I ricercatori Telethon si sono focalizzati su due fattori cellulari: la citochina infiammatoria TNF e la chinasi p38, una proteina che media l’azione del TNF in cellule staminali muscolari. TNF è coinvolto anche in altre malattie, come l’artrite reumatoide e lo shock settico: lo studio di Puri e dei suoi collaboratori dimostra che questa citochina dirige la capacità delle cellule staminali di rigenerare il muscolo. I ricercatori hanno infatti dimostrato in un modello animale di distrofia di Duchenne che bloccando con anticorpi specifici l’azione di TNF si può aumentare il numero delle cellule staminali muscolari. Lo stesso effetto si può ottenere con molecole ancora più specifiche, che hanno come bersaglio altre proteine che mediano l’azione del TNF (la già citata p38 e EzH2””, una metiltransferasi che ha come bersaglio la cromatina).
Da qui la prospettiva di sperimentare un trattamento farmacologico “intermittente” con cui “spegnere e accendere” geni specifici che portino alla generazione di nuove fibre muscolari.
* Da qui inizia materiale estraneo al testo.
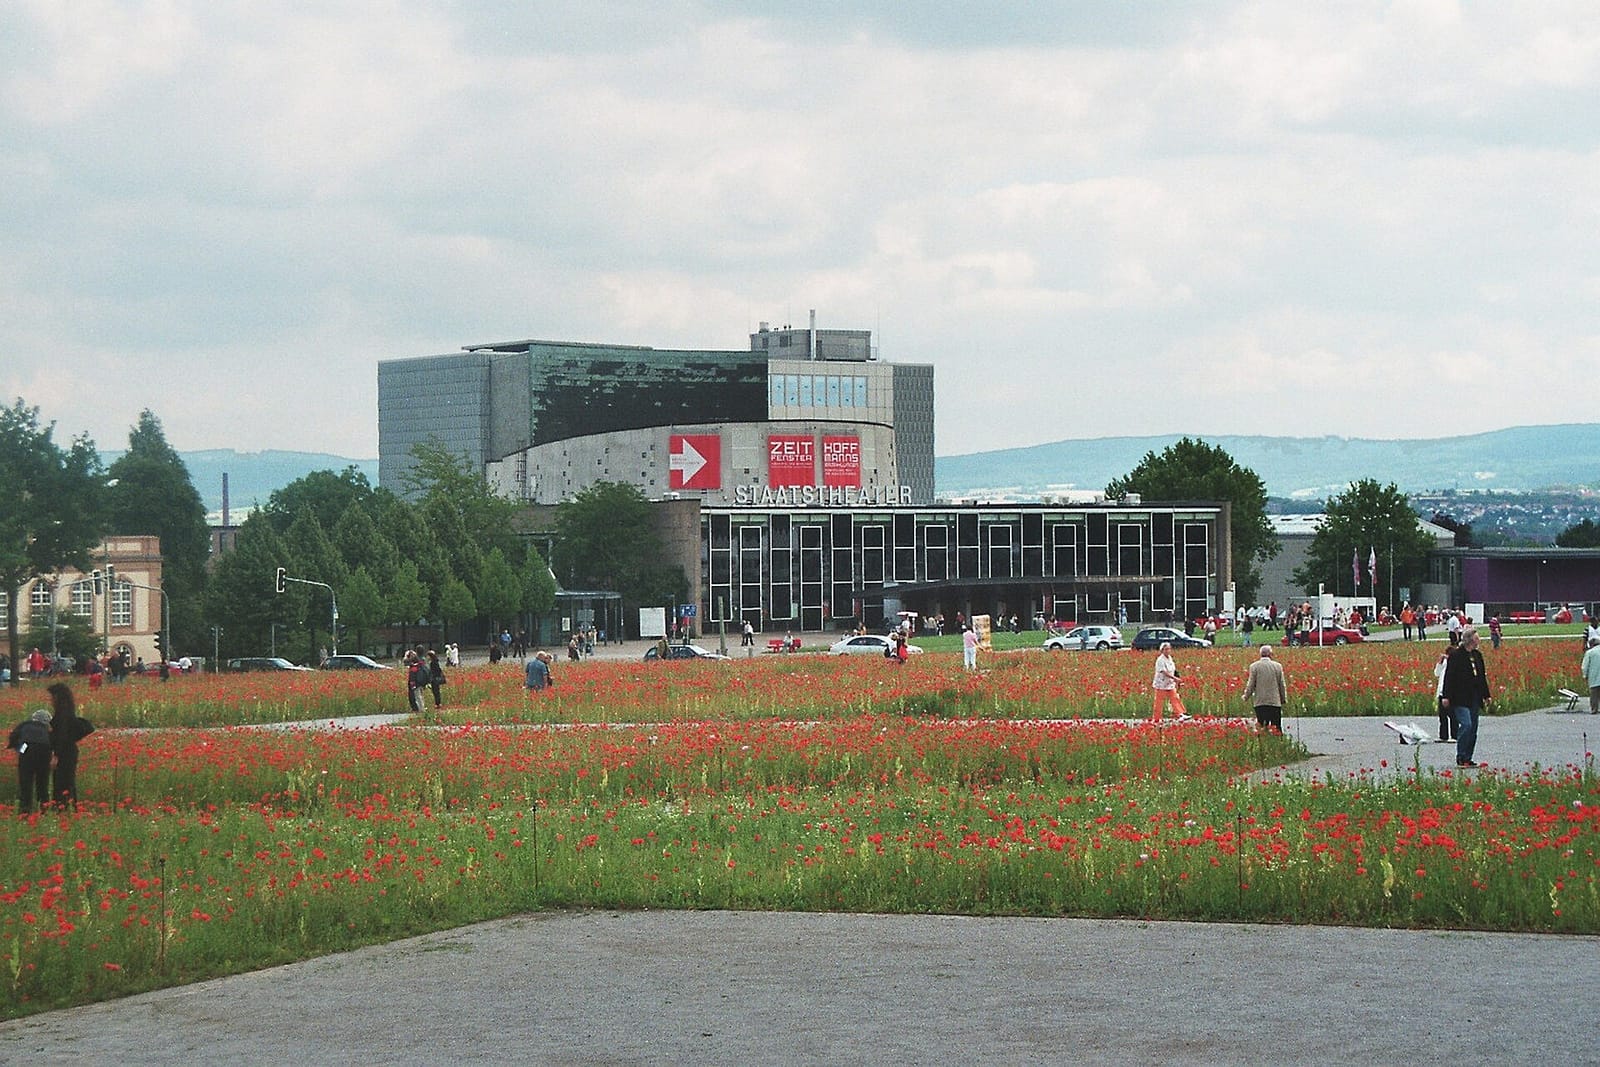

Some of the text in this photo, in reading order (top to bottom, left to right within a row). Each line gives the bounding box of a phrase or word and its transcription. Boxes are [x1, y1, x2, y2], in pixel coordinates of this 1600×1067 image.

[770, 441, 813, 454] ZEIT
[824, 442, 859, 453] HOFF
[770, 454, 812, 462] FENSTER
[735, 485, 912, 504] STAATSTHEATER
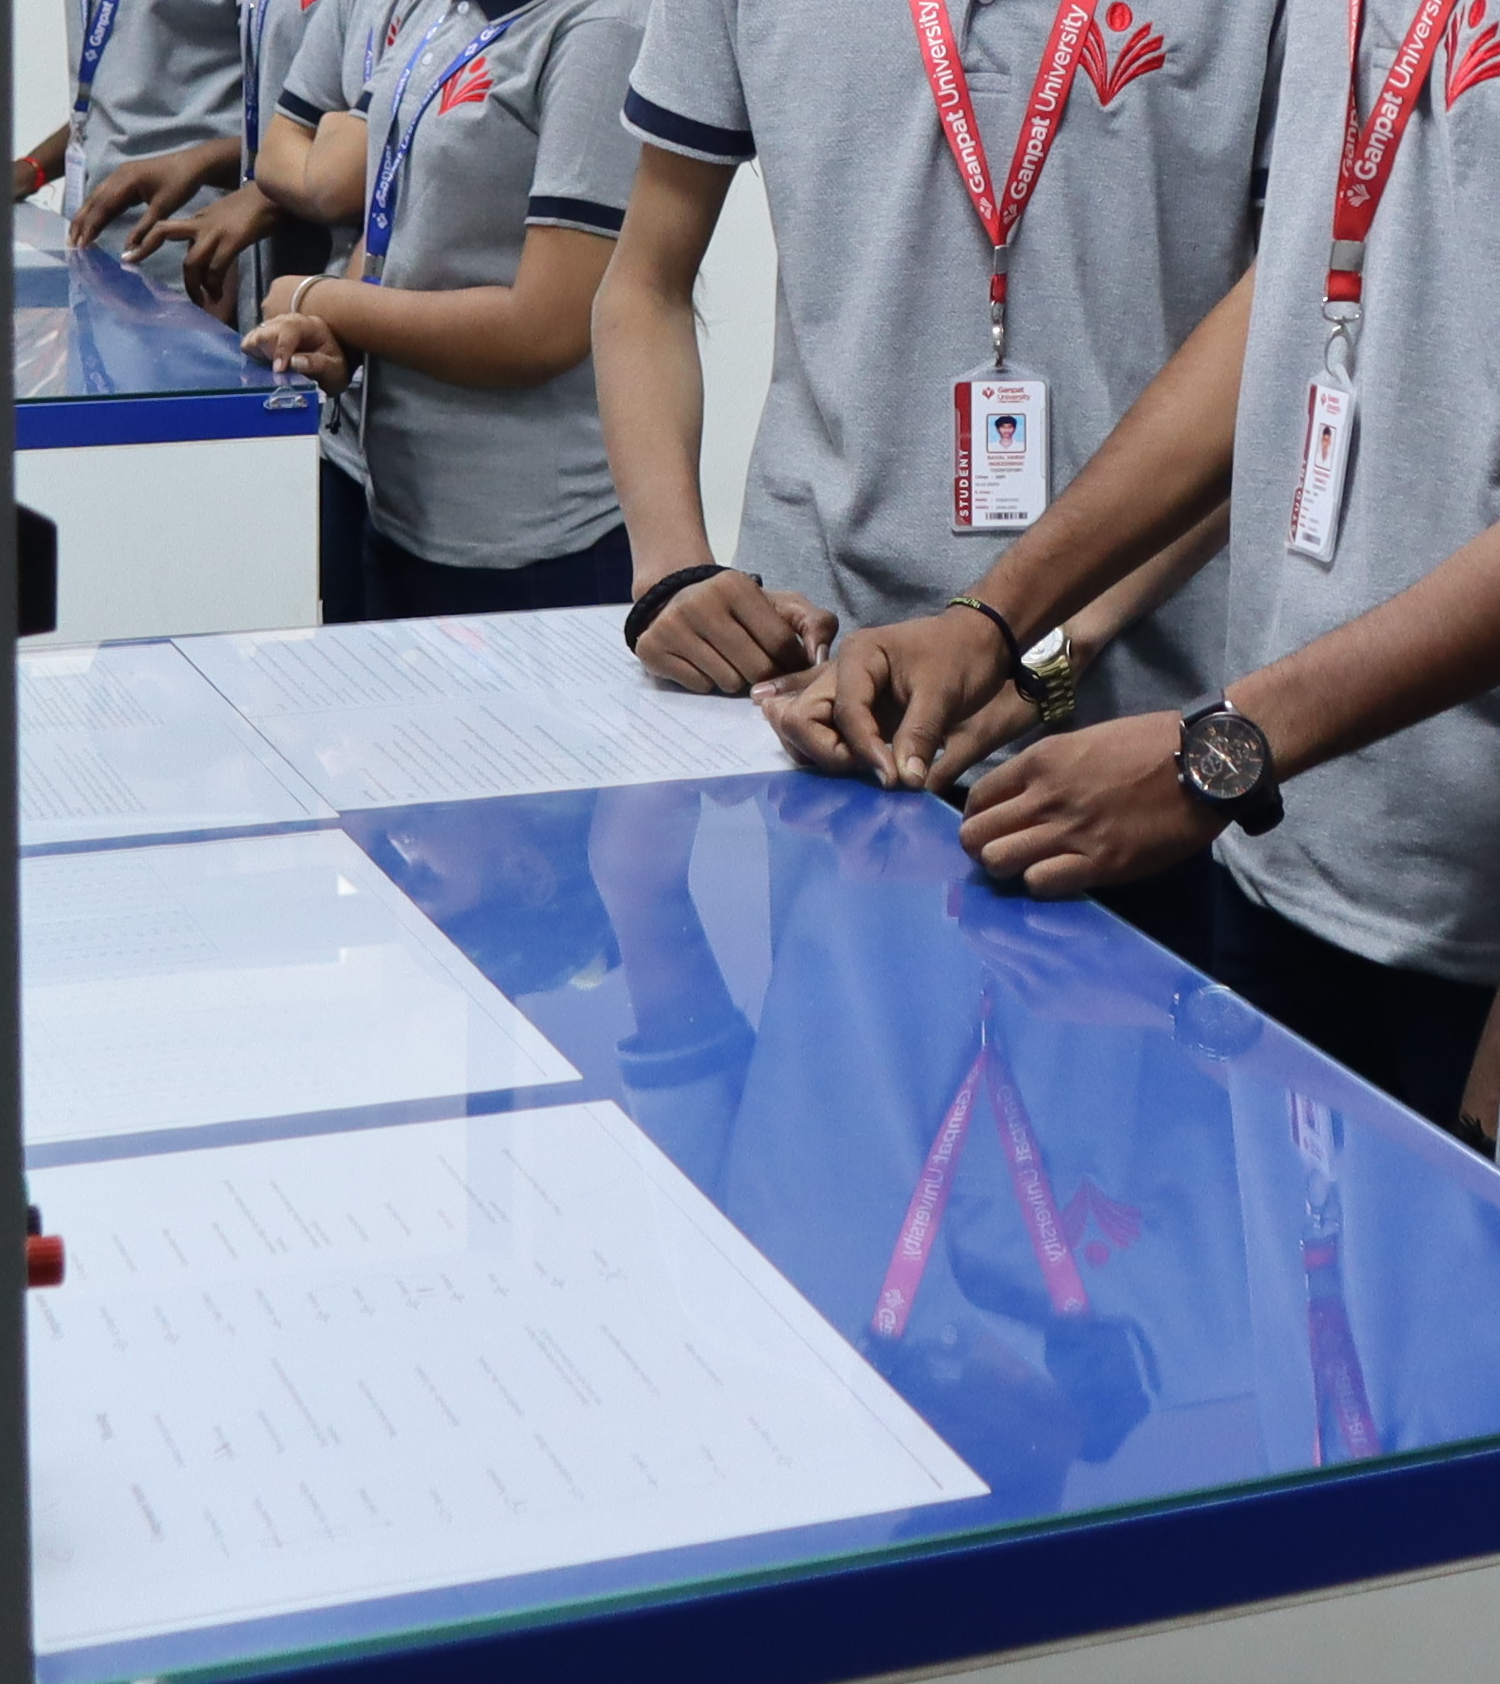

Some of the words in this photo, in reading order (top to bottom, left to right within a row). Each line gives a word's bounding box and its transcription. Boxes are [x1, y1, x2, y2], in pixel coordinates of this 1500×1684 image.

[89, 2, 113, 47] Ganpat
[918, 0, 960, 104] University
[1010, 119, 1051, 200] Ganpat
[1034, 4, 1089, 113] University
[1353, 89, 1402, 181] Ganpat
[946, 108, 986, 194] Ganpat
[959, 449, 970, 517] STUDENT
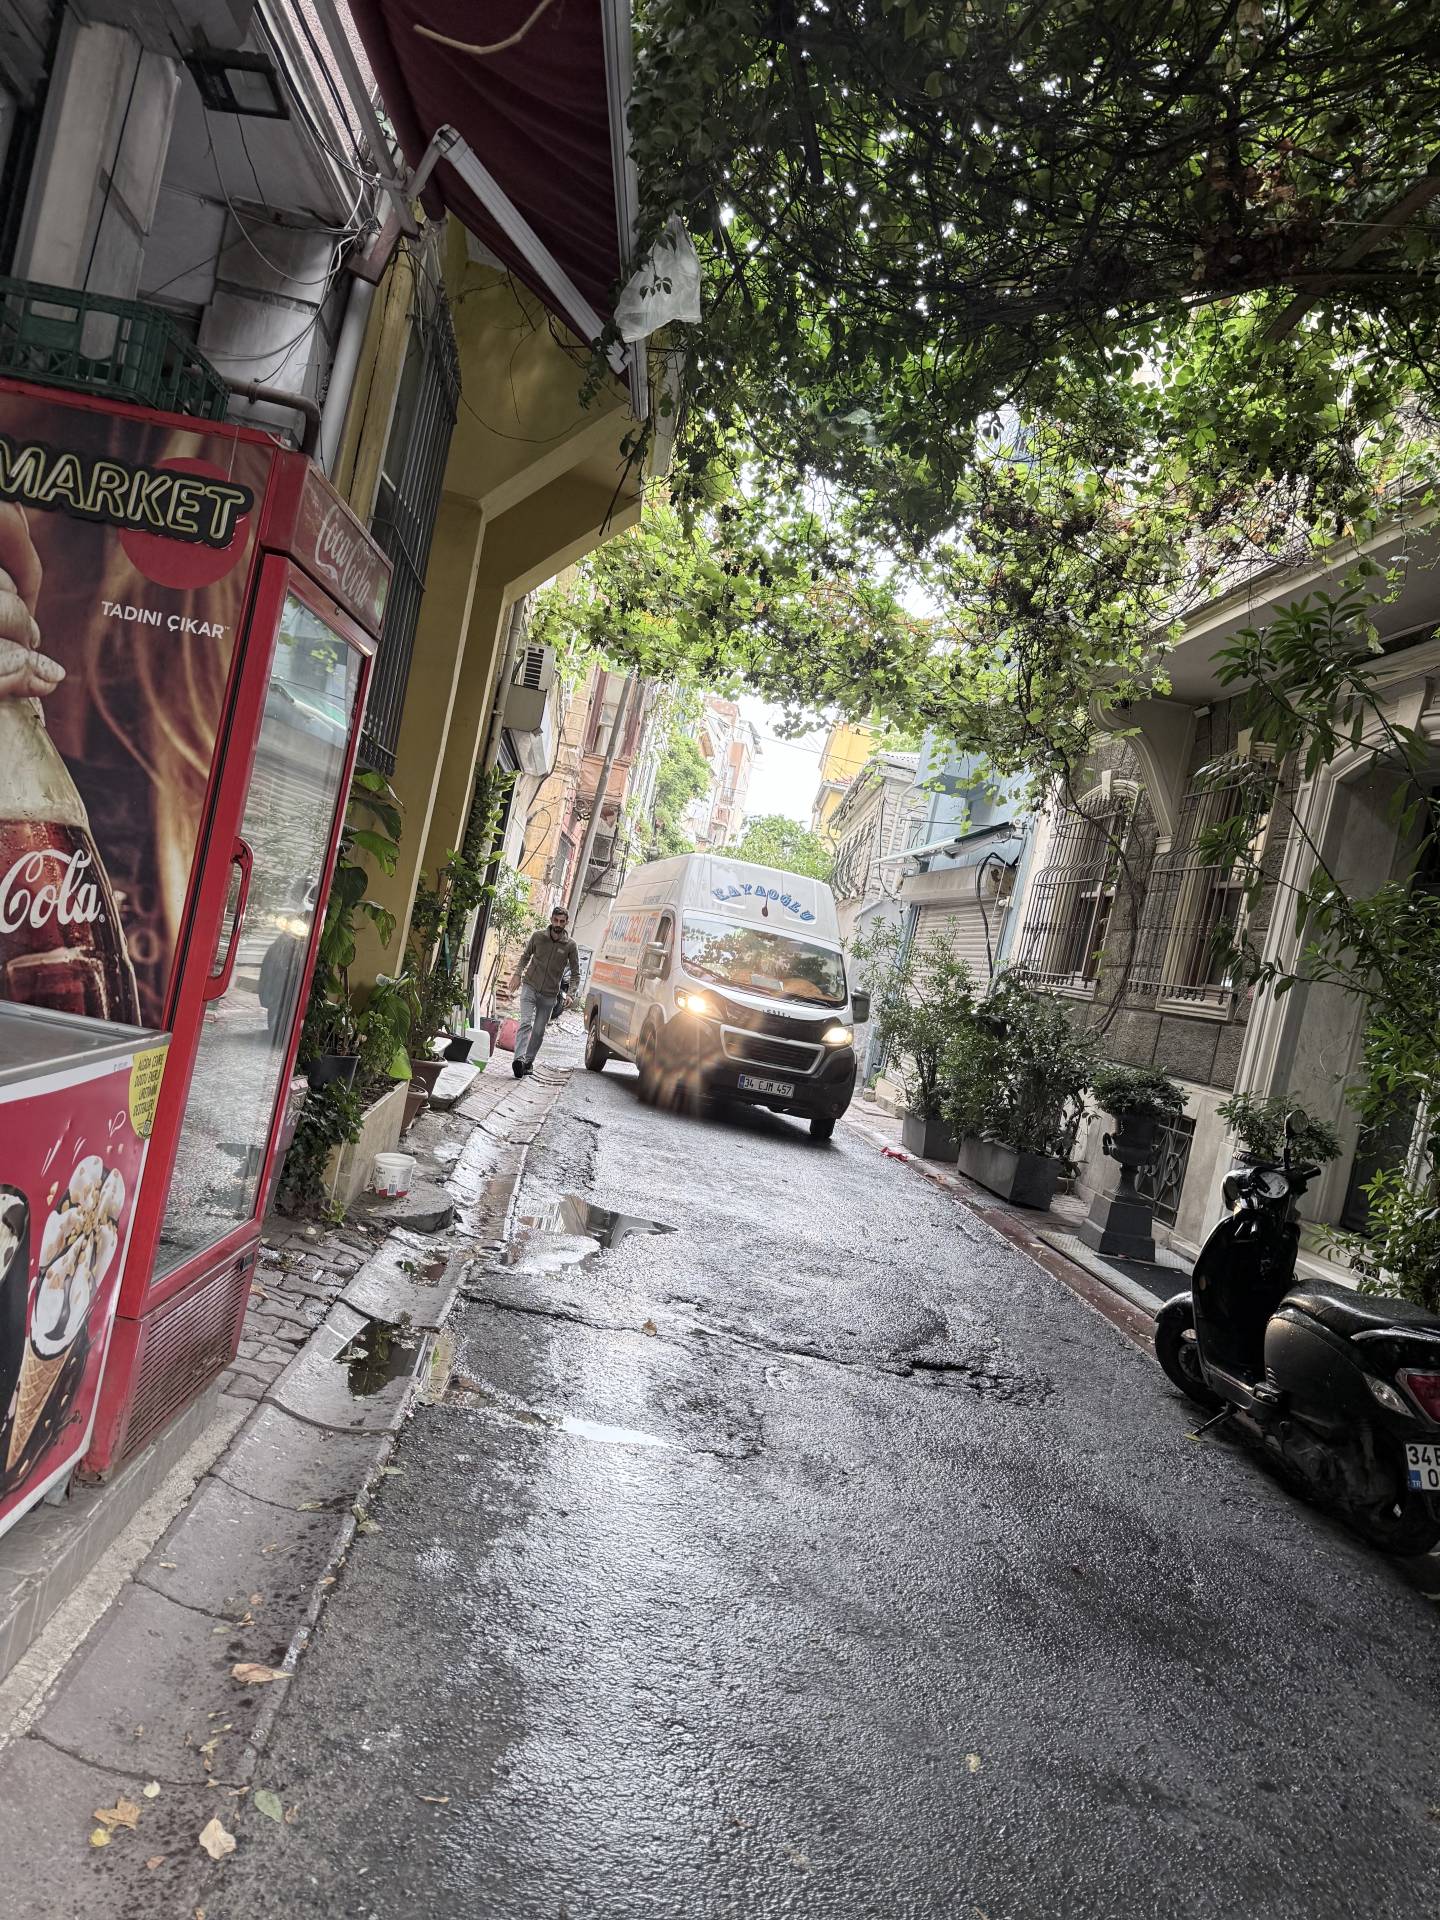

Farmaci che blocchino l’attivazione delle vie di segnalazione del TNF nelle staminali muscolari
inducono queste cellule a proliferare e espandersi; con la sospensione del trattamento le staminali, cresciute nel numero, sarebbero non solo più efficaci nel rigenerare il muscolo, ma costituirebbero una riserva sensibile a un nuovo ciclo di trattamento.

«Una manipolazione di questo tipo», spiegano le ricercatrici del gruppo di Puri coinvolte nel lavoro  – Daniela Palacios, Chiara Mozzetta e Silvia Consalvi – «offre prospettive concrete per estendere la fase di grazia dei bambini distrofici e ritardare la degenerazione muscolare». La prossima sfida sarà individuare pazienti che presentino le condizioni adatte per sottoporsi alla terapia. «Con questo trattamento non si riparano i danni e non si torna indietro con la malattia» conclude Puri, «ma si può regalare tempo al paziente e alla ricerca scientifica, che nel frattempo sta andando avanti in varie direzioni».